~🖤~
Apa aku hanyalah sebuah barang yang sudah laku dijual ?
***
Sebulan telah berlalu. Tak ada yang berubah dengan hubungan pernikahan Diana dan Darren. Mereka semakin sibuk dengan pekerjaan masing-masing, Darren yang tiada henti berangkat ke kantor, dan Diana yang terus fokus mengembangkan restoran. Selain itu Diana juga seorang mahasiswi, ia ingin meneruskan gelas magisternya. Darren pun tak ada masalah dengan itu, selagi Diana masih mengantarkan makan siangnya ke kantor.
Kebetulan saat ini Darren memiliki jadwal meeting bersama ayah mertuanya mengenai wilayah yang akan ditambang untuk menghasilkan bahan konstruksi bangunan. Sama seperti bisnis ayahnya, yang merembet ke segala bidang, Darren pun sama, lelaki yang sudah menginjak kepala tiga itu juga mulai mengembangkan perusahaannya.
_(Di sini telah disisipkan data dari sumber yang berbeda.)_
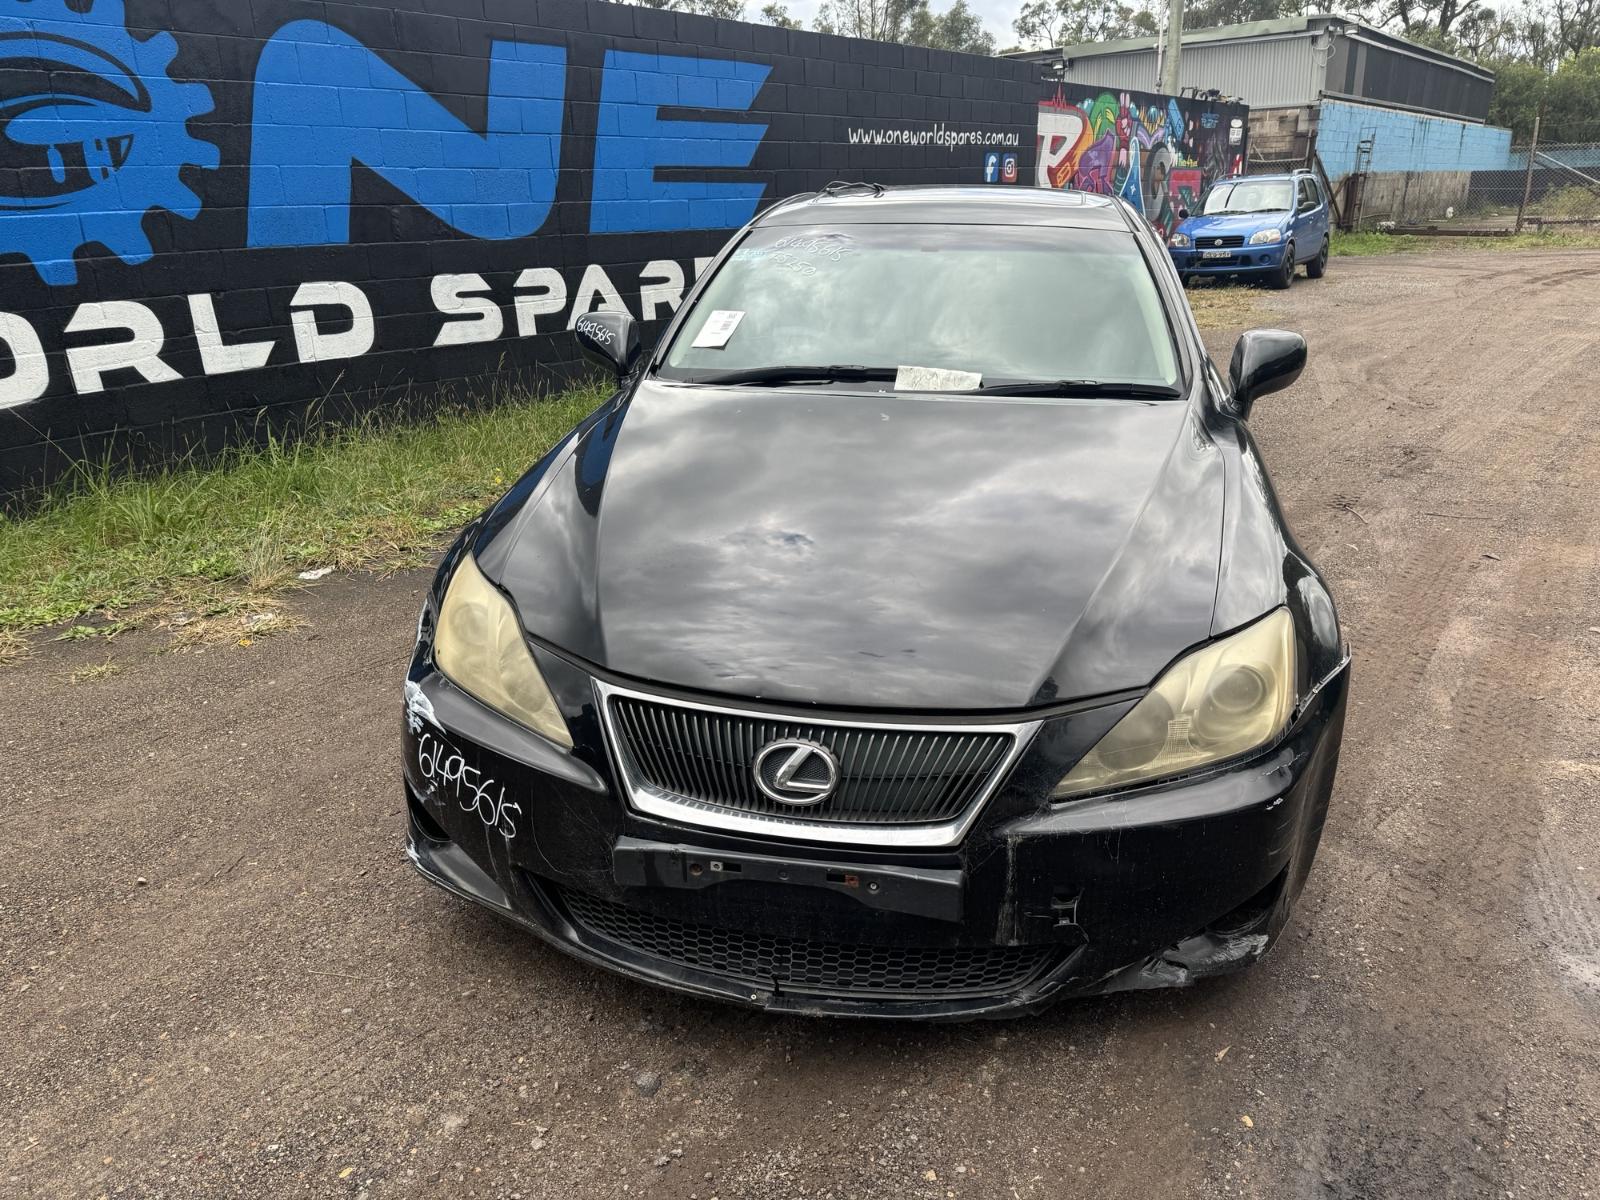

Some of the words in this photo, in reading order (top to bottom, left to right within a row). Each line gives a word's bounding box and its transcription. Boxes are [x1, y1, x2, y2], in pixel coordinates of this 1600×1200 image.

[848, 123, 1019, 152] www.oneworldspares.com.au
[430, 256, 714, 347] SPAR
[419, 734, 521, 838] 61495615
Darren adalah tipe pekerja keras, kalau sudah berambisi maka lelaki itu akan menghalau segala rintangannya meskipun itu sangat beresiko. Tak pernah gagal ? Bukan sekali dua kali, baginya kegagalan adalah pelajaran yang dapat ia ambil untuk menjadi lebih baik lagi. Darren tidak suka dengan kata 'menyerah' , ia tidak akan berlarut-larut dalam keputusasaan. Bagaimana pun ia harus mendapatkan apa yang ia inginkan, apapun caranya, ia sendiri yang akan mencari.
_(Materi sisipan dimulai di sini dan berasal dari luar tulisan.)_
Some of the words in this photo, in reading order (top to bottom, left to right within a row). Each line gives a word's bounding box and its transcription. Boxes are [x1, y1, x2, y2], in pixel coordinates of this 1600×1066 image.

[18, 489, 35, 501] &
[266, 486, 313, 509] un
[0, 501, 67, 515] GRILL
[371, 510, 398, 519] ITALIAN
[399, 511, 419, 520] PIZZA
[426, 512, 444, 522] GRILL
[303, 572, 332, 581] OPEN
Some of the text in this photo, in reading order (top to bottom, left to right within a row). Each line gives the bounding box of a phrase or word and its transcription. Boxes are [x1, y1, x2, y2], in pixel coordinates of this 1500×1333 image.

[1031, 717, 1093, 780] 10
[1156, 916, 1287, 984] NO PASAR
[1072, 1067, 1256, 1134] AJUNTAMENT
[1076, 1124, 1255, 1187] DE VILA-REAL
Tubuh yang tinggi tegap menambah nilai plus lelaki itu. Sebenarnya ia bisa saja menjadi CEO yang memiliki belasan wanita, menggunakan seluruh uangnya untuk mentraktir mereka tas, sepatu, dress, dan barang branded lainnya. Tapi ia lebih sayang dengan uangnya, daripada diberikan kepada wanita tidak jelas, lebih baik ia berikan untuk istrinya, meskipun ia belum menyukai Diana. Itulah kenapa sebulan yang lalu, ia begitu menggembar-gemborkan pernikahan mewahnya, itu semua tak jauh dari paksaan mama yang terus meminta menantu dan juga wanita-wanita yang selalu mengejarnya seperti seorang jalang. Darren tidak suka dikejar, lelaki itu gampang sekali risih. Saat remaja pun banyak surat cinta yang ia dapatkan, Darren tampan, dan ia sangat menyadarinya. Dan, tak ada satu pun surat yang ia baca, semua tersimpan rapi di laci kamar. Kenapa tidak dibuang saja ? Awalnya sih niatnya begitu, tapi surat itu dapat ia pamerkan ke calon anaknya nanti, bahwa papanya dulu seorang primadona.
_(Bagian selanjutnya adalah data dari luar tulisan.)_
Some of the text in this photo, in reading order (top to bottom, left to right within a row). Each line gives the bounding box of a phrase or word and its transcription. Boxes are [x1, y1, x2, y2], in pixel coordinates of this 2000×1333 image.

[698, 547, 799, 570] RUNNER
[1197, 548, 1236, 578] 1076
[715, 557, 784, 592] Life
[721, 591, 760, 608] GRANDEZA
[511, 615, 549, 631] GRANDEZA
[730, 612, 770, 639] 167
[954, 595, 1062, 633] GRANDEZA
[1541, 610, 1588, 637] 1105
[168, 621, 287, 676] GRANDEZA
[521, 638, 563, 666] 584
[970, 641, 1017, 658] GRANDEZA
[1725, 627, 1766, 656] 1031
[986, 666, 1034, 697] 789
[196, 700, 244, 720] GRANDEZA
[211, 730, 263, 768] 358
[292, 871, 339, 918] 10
Darren berjalan menuju ruang meeting diikuti sekretarisnya dari belakang.
"Ceklek..." Tak lama kemudian pintu terbuka dengan lebar, semua orang sudah menunggunya. Tatapan Darren jatuh kepada ayah mertua dan kakak iparnya, ia sedikit menunduk untuk menyapa, mereka pun membalasnya. Hubungan mereka seperti hanya seorang rekan kerja, sama sekali tidak dekat. Isi chat mereka pun tak jauh membahas tentang proyek kerjasama, tak ada bahasan tentang Diana, gadis yang menyatukan hubungan mereka. Tak ingin berlama-lama, Darren pun mulai memimpin rapatnya hari ini.
*
*
*
Diana terus mengabaikan bunyi notifikasi pada ponselnya, gadis itu lebih memilih memeriksa laporan keuangan kedainya. Ia tidak ingin kecolongan seperti dua bulan lalu, mulai saat ini ia akan lebih tegas kepada karyawan-karyawannya. Sambil duduk di kursi kebesarannya, dengan teliti Diana membaca. Saat dirinya sedang fokus, tak ada satu pun yang berani mengganggu.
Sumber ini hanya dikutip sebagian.